Categories: all aviation Building a Biplane bicycle gadgets misc motorcycle theater
Building a Biplane: Back In the Build
My last entry was pretty brief, with the simple aim of showing you my build log. Looking at the log, and at this journal, you would be correct in guessing that there was some kind of an interruption.
In late 2018, it was becoming obvious that I'd have to move soon, which would mean giving up the shop I'd put together for my Charger build. It would mean an unknown delay until I could find another house, ideally with a shop, and resume thinking about this insane plan of building my own full-size biplane.
And yet, here we are. I've found my new house, and I managed to find one with a 2-car garage that was ripe to be converted into a workshop. That process has taken far longer than I wanted it to, but is nearly coming to an end as I wait for the new garage door to be installed -- the whole COVID-19 situation means I'll probably be waiting for a while, though.
When I left off on the project, I felt that my next logical step was to profile the spars, and start assembling a wing. I had the ribs built, and all the compression tubes. I hadn't yet ordered the cross-brace wires, but I've still got that shopping cart loaded up at Aircraft Spruce and ready to go. I had found all the internal wing brackets in a Ken Brock kit on Ebay.
However, there was a significant piece missing. The wedge blocks.
Long story short, the Marquart Charger has a very classy-looking 10° sweep to the wings, but all the ribs and bits that go inside are arranged parallel to the fuselage. This means that you have to make up that 10° difference somehow. This is where the wedge blocks come in.
The use of the wedge blocks is pretty obvious. For instance, in the diagram below, you can see how the wedges, in green, are used to make a 90° surface against the wing spar, shown in blue:
So, that made a lot of sense to me. Wedges, cool.
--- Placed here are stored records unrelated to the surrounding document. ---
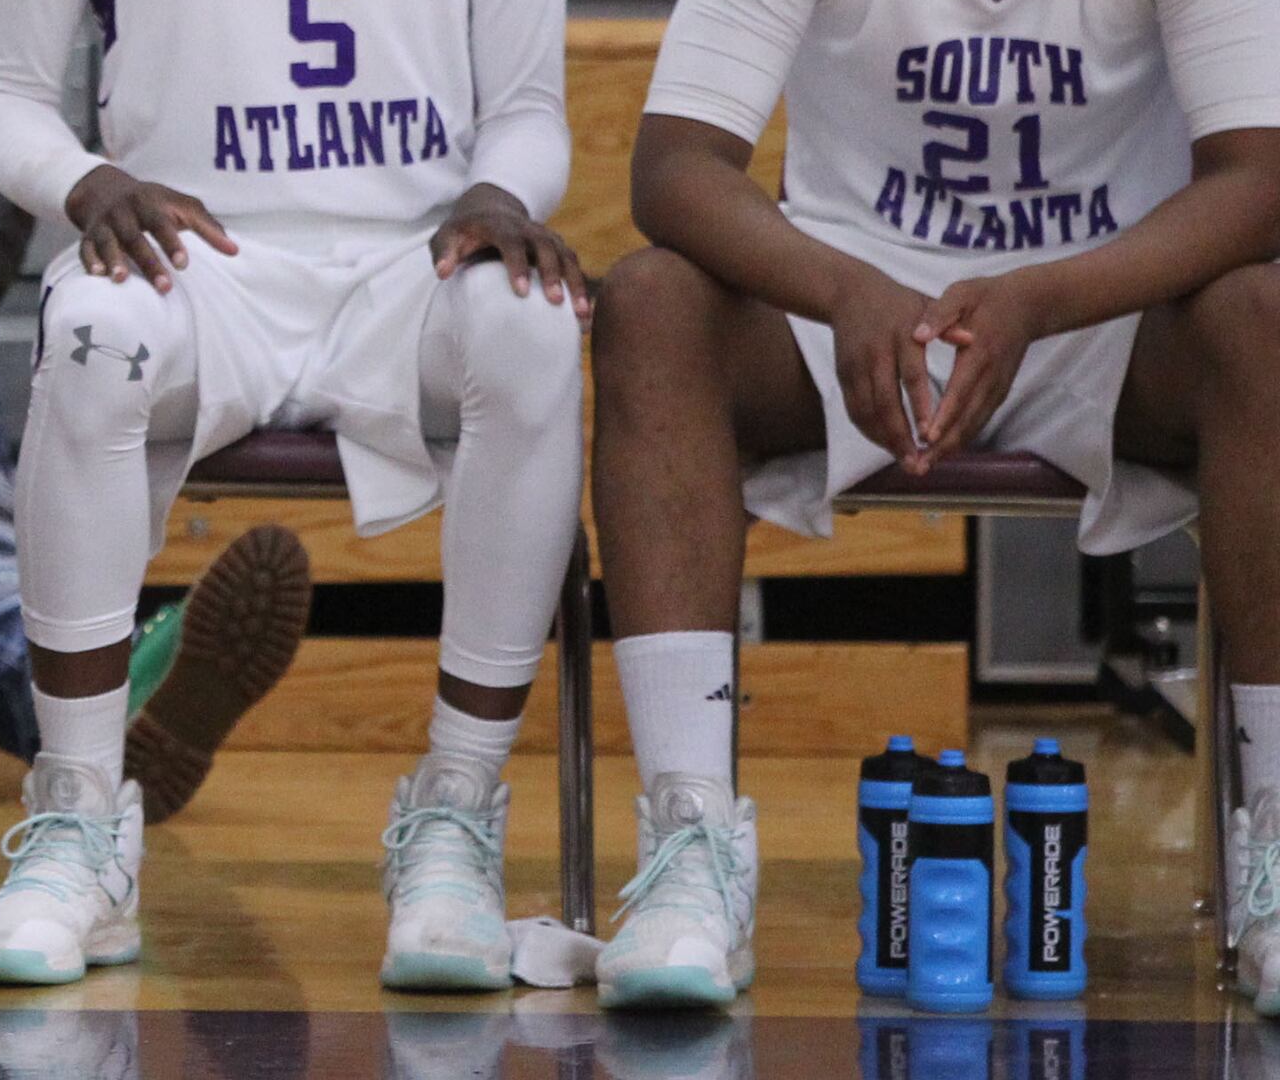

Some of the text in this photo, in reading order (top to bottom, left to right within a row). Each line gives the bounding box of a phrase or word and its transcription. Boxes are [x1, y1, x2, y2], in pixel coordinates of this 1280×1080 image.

[896, 36, 1087, 106] SOUTH
[214, 96, 448, 172] ATLANTA
[922, 110, 1050, 194] 21
[874, 166, 1119, 251] ATLANTA
[890, 821, 908, 959] POWERADE
[1043, 823, 1061, 962] POWERADE
Then my eye would always trace back to this cyclopean horror:
I had no idea what this thing was trying to tell me. For years, I would see it, and immediately get confused. It looked for all the world like a single piece of wood, that I was somehow supposed to cut up to form all those wedges, and it just boggled me to no end. How do you cut that -238 piece from the corner of the -239 piece? Wouldn't it leave a huge gap? How are you supposed to cut all those angles without the saw taking out its kerf and leaving you with undersized pieces? It just absolutely confused me.
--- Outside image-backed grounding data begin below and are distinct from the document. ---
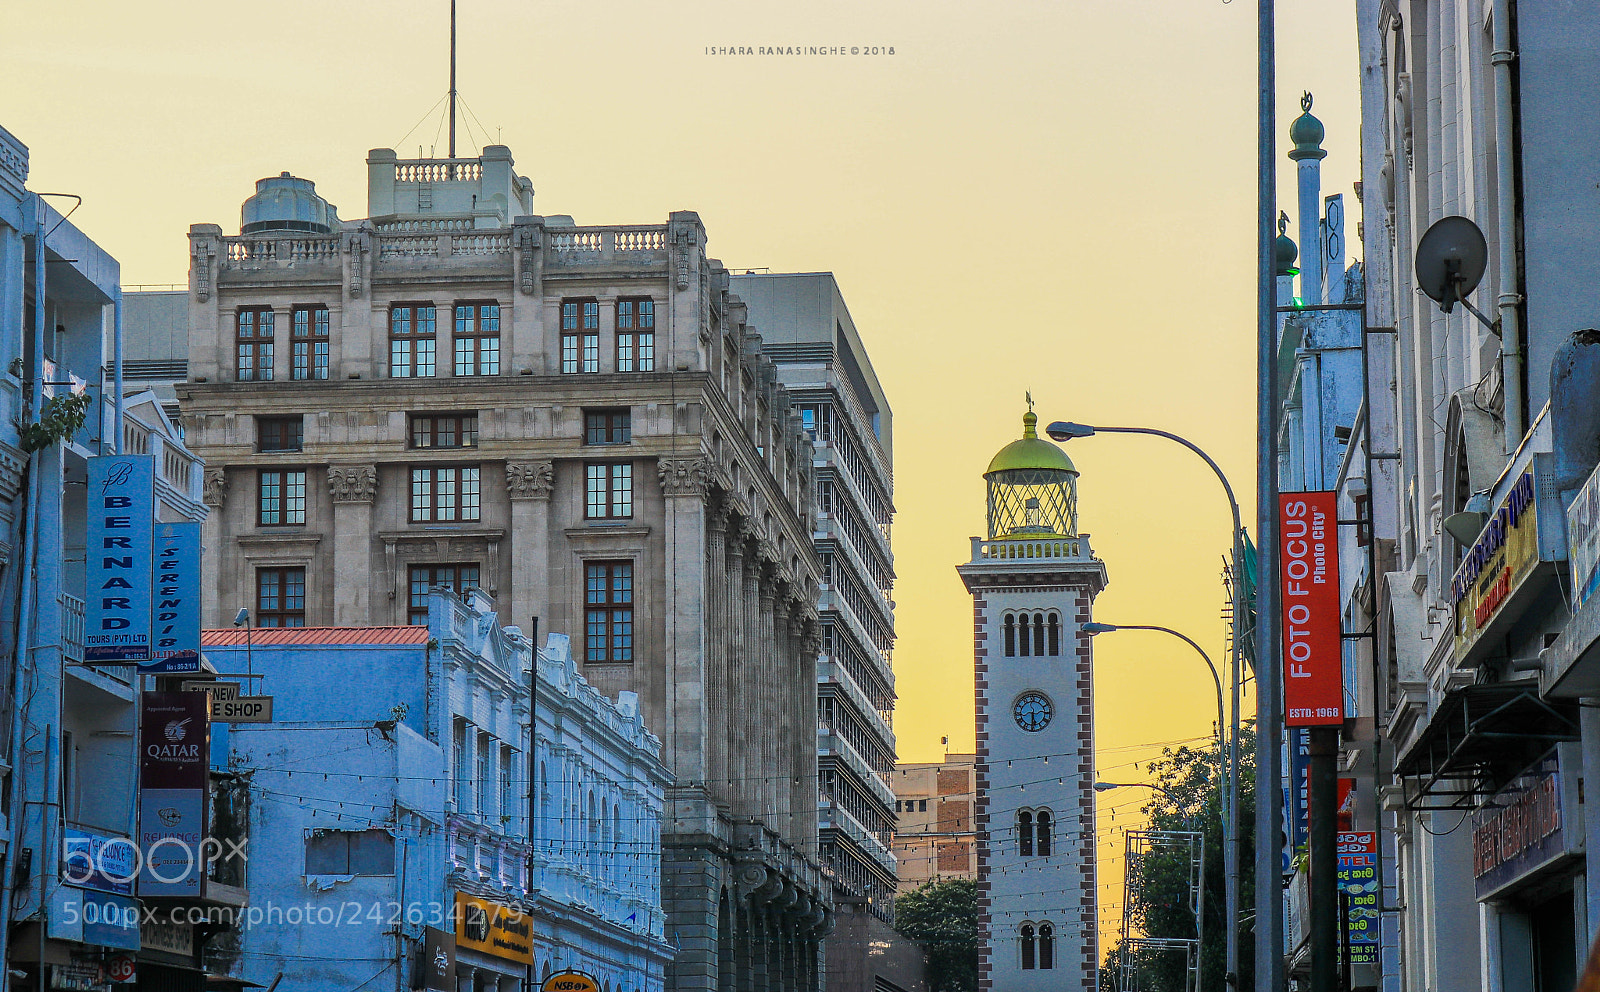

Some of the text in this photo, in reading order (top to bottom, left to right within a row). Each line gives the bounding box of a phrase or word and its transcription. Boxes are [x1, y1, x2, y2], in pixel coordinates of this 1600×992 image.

[101, 496, 133, 630] BERNARD
[1313, 543, 1326, 584] Photo
[1286, 501, 1311, 678] FOTO FOCUS
[159, 548, 182, 647] SERENDIB
[87, 634, 147, 645] TOURS (PVT) LTD
[152, 648, 198, 659] LIDAYS
[212, 687, 235, 701] NEW
[224, 703, 263, 717] SHOP
[1289, 707, 1339, 718] ESTD: 1968
[147, 744, 199, 759] QATAR
[143, 833, 199, 843] RELIANCE
[1337, 856, 1374, 866] TEL
[110, 959, 132, 976] 86
[554, 981, 574, 991] NSB
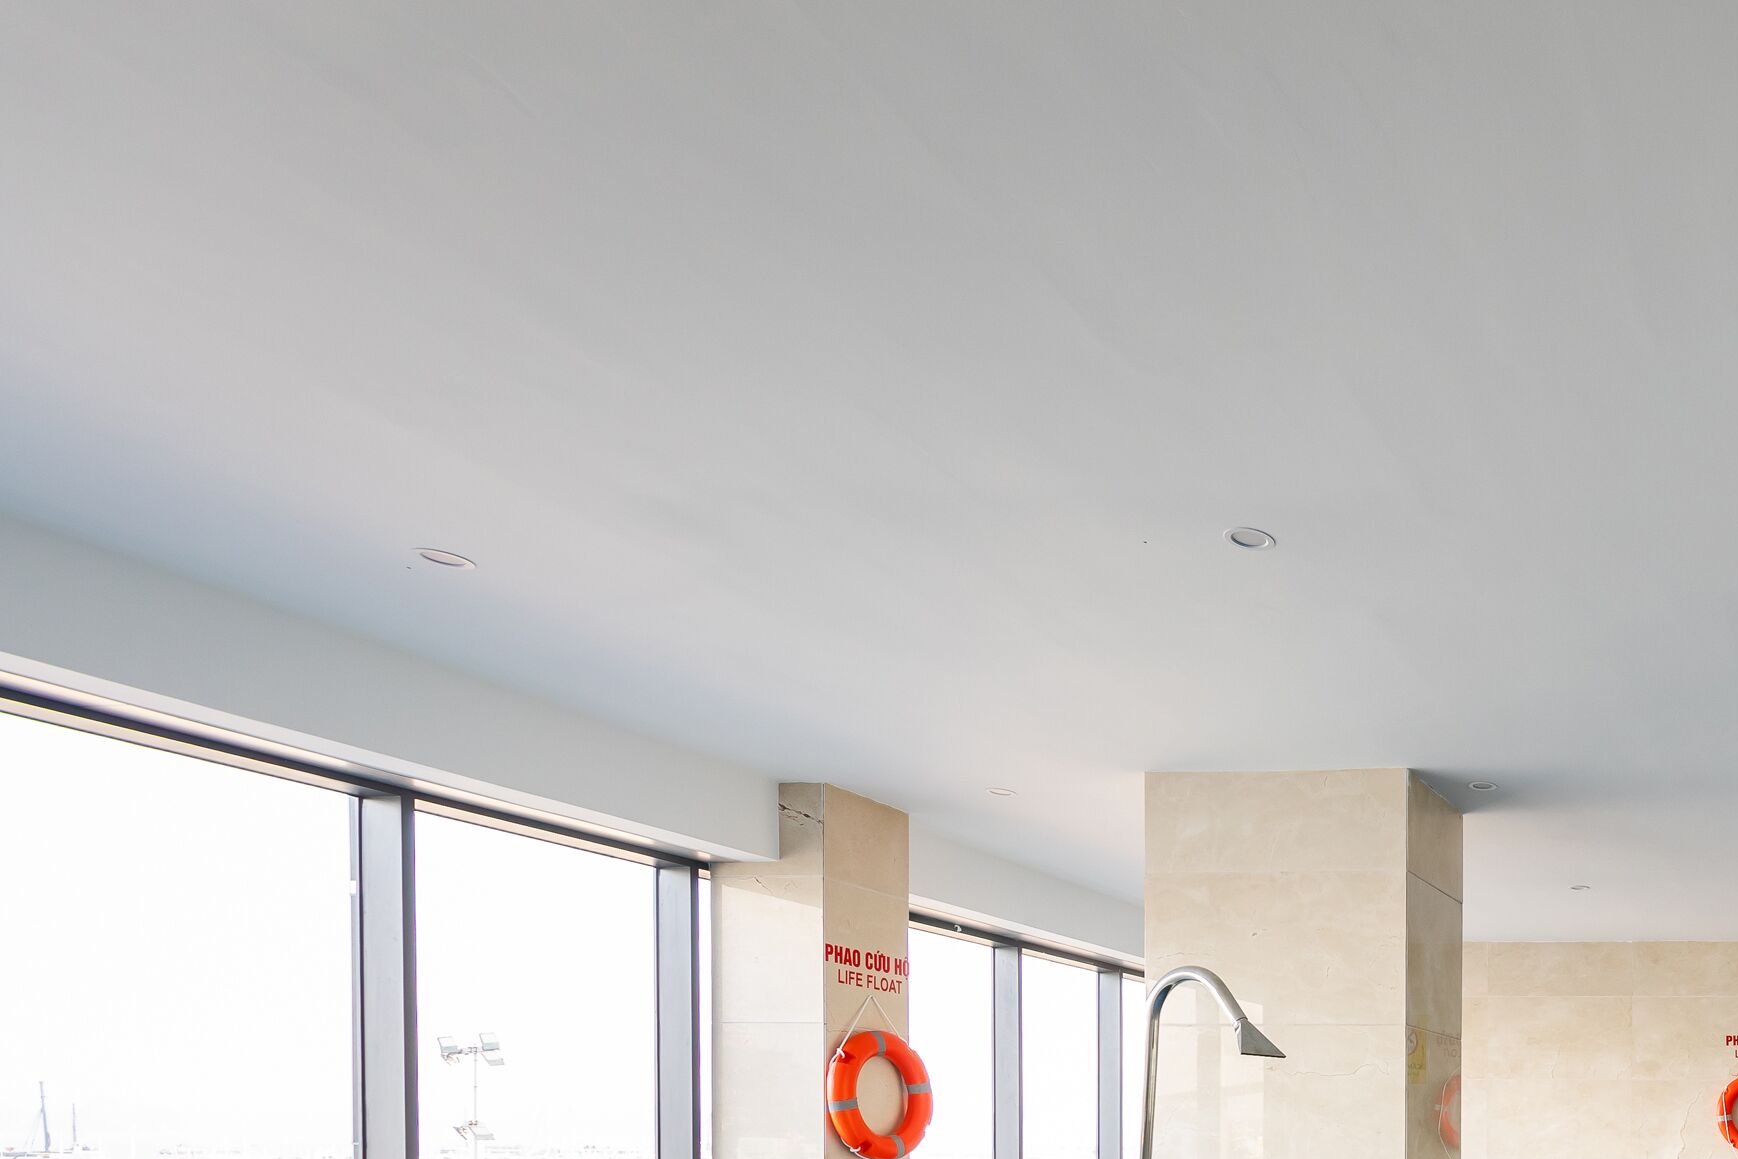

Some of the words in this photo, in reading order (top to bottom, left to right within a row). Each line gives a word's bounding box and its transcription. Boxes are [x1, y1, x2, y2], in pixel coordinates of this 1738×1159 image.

[825, 943, 861, 967] PHAO
[865, 951, 891, 973] CỨU
[838, 969, 863, 987] LIFE
[866, 975, 902, 994] FLOAT
Finally, shop nearly done, but not quite done enough to go around cutting thousands of dollars worth of spar material and assembling wobbly half-completed wing structures which might need to be moved (inviting any number of broken wing ribs), I decided to bite the bullet and ask for help with this wedge horror. Not that I have been shy about asking for help before, but it's always a bit of a struggle to admit that I don't understand something that everyone else seems to get.
So I fired up a graphic editor and cut out the section of plans I'd be posting about, but something about it made me pause. Suddenly, out of the blue, the picture that had for all time looked like a white vase on a black background snapped around, and became two human faces, facing each other with a white space between them.
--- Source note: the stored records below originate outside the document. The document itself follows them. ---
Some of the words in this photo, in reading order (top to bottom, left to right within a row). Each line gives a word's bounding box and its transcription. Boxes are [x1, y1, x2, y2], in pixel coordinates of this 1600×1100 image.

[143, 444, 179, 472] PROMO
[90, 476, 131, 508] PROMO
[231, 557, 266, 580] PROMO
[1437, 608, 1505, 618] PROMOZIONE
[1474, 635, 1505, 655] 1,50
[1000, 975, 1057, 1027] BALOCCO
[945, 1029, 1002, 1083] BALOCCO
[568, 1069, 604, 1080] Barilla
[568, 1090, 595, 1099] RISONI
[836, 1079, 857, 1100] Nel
It wasn't showing a single piece of wood. It was showing all the wedges overlaid on top of each other. My brain felt like it was going to explode.
Instead of drawing out six side profiles and six face profiles, with the attendant measurements for each, Ed Marquart had done the sensible thing and drawn them together to save space and drawing effort. This sudden understanding was, I must say, a huge relief.
Here is an annotated diagram with improved dimension lines, which shows in red how to interpret the dimensions for making a -239 wedge:
Looking over the plans and dimensions, it looks like I've probably got enough off-cut spruce to make most of the larger wedges, though I'm going to order some 1/4" thick stock to make the -238 wedges, since there are so many of them.
Now, I just have to figure out how I'm going to cut all these extremely sharp angles. I've started on a sled for the table saw, similar to this design. I don't have any MDF lying around at the moment, so I'm starting with some not terribly good plywood as a base. I'm pretty sure a sheet of MDF is in my near future, but it's good to experiment with the technique for the moment.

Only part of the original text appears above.